Distal femoral fracture

  • Patients with severe soft tissue injuries, open fractures, or difficulties in early operation-Super-articular external fixator.

  • Immediate surgical treatment of isolated injury-—DCS, retrograde intramedullary nail.

  • Distal femoral fracture

Patella Fracture

  • The patient's general condition is stable, and the local skin conditions permit, the operation should be performed immediately.

Proximal tibial fracture

  • Determine the nature of injury violence

  • High energy injury is often accompanied by severe soft tissue injury. It is characterized by limb swelling, blistering, skin abrasion and skin laceration. The operation should be postponed at this time.

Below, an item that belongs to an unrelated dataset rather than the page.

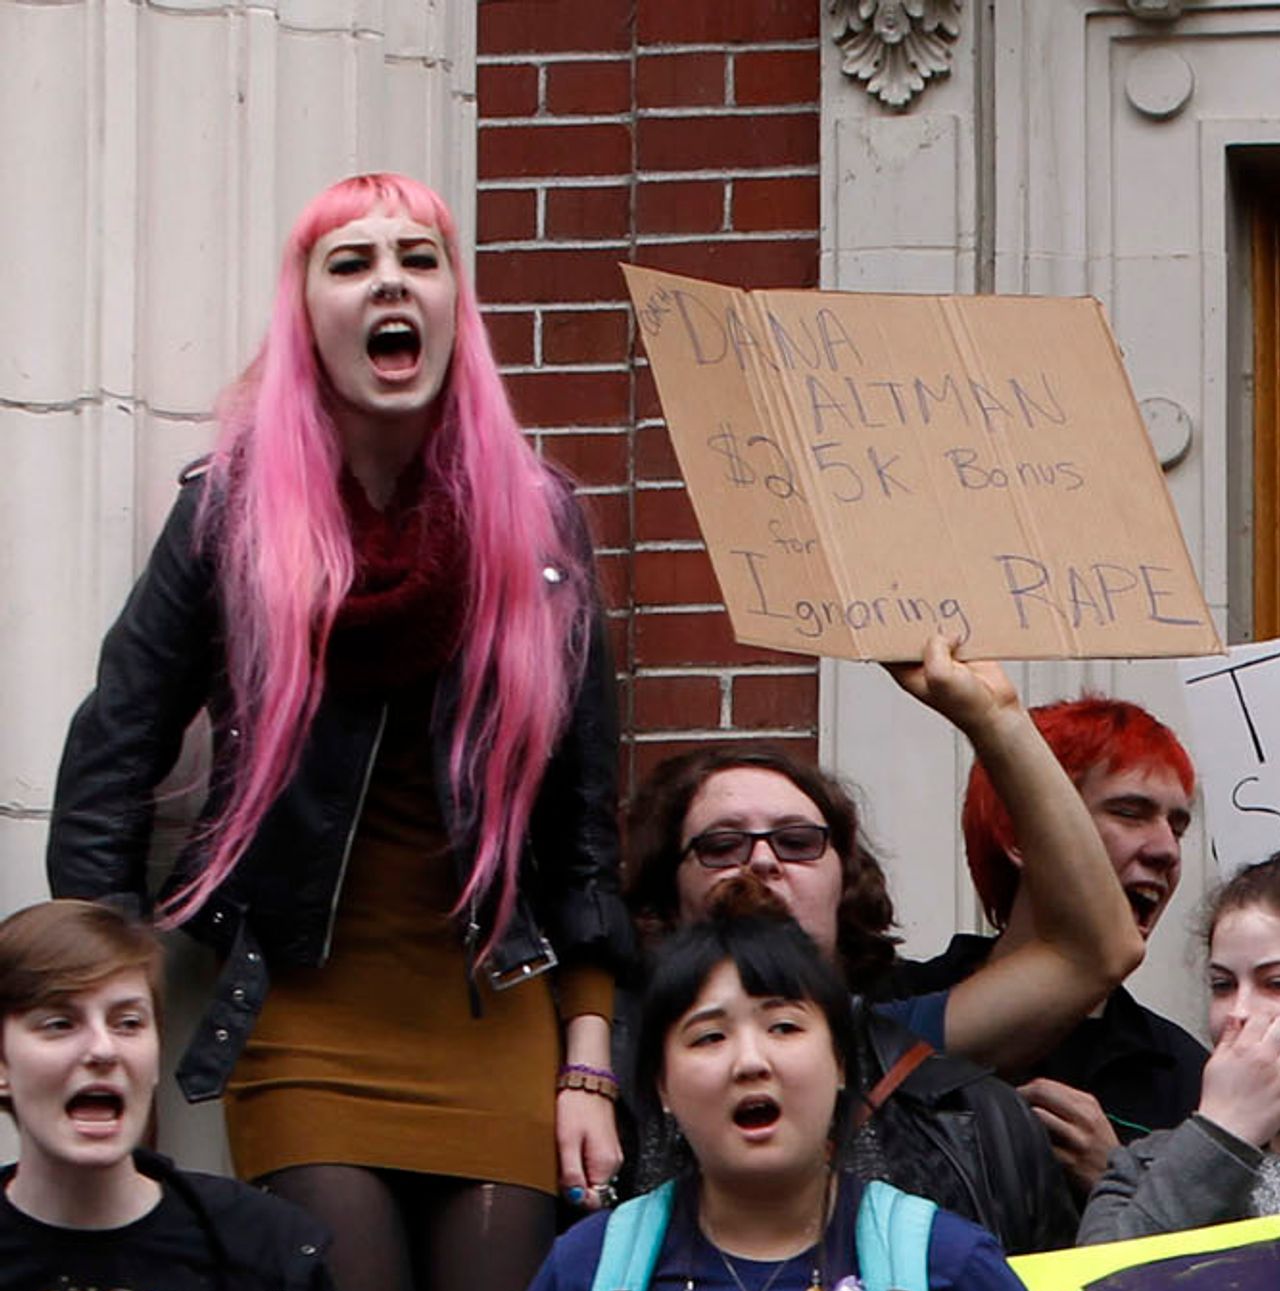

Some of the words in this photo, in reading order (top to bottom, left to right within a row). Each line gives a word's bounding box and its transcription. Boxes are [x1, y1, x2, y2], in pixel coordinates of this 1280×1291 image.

At the same time, fascial space syndrome and vascular and nerve injuries must be excluded.

Proximal tibial fracture

Tibial shaft fracture

  • The particularity of anatomy-the importance of soft tissue coverage.

  • Early stage: within 8h

  • External fixator is considered as the first choice for early treatment.

  • Gypsum support

  • Calcaneal traction

  • Phase II: about 2 weeks.

  • There was no obvious systemic infection and acute trauma.

  • No swelling or exudation of the wound.

  • Blister is dry, swelling subsides and bony markers can be touched.

  • Wrinkled skin, skin lines appear.

Tibial shaft fracture

Tibial shaft fracture

Fracture of distal tibia (pilon)

The treatment result of Pilon fracture depends on the quality of joint reconstruction and the condition of soft tissue coverage.

The best time for surgery depends on the condition of soft tissue:

  • Early stage: the operation was performed within 6 ~ 8h, which lasted 2 ~ 3h.

  • Delay: 7 ~ 10 days, swelling disappeared and skin wrinkles appeared.

Four traditional principles that must be followed in one-stage surgical reconstruction:

  • Reconstruction of fibula

  • Reconstruction of tibial articular surface

  • Bone grafting

  • Support of bone plate

Support of bone plate

Ankle fracture

  • Ankle fracture is intra-articular fracture.

  • The purpose of treatment is to restore the normal anatomical structure of joints.

  • The timing of surgery depends on the state of soft tissue.

  • The ideal time for surgery is before edema and blisters appear in the fracture area.

Foot fracture

  • It is the footstone for people to stand and walk. Restoring the normal anatomical structure of the foot plays a vital role in people's standing and walking.

  • As with ankle fractures, the timing of surgery depends on the degree and state of soft tissue swelling.

Spinal fracture

  • If the whole body is stable, the displaced fracture should be operated immediately if there are neurological symptoms.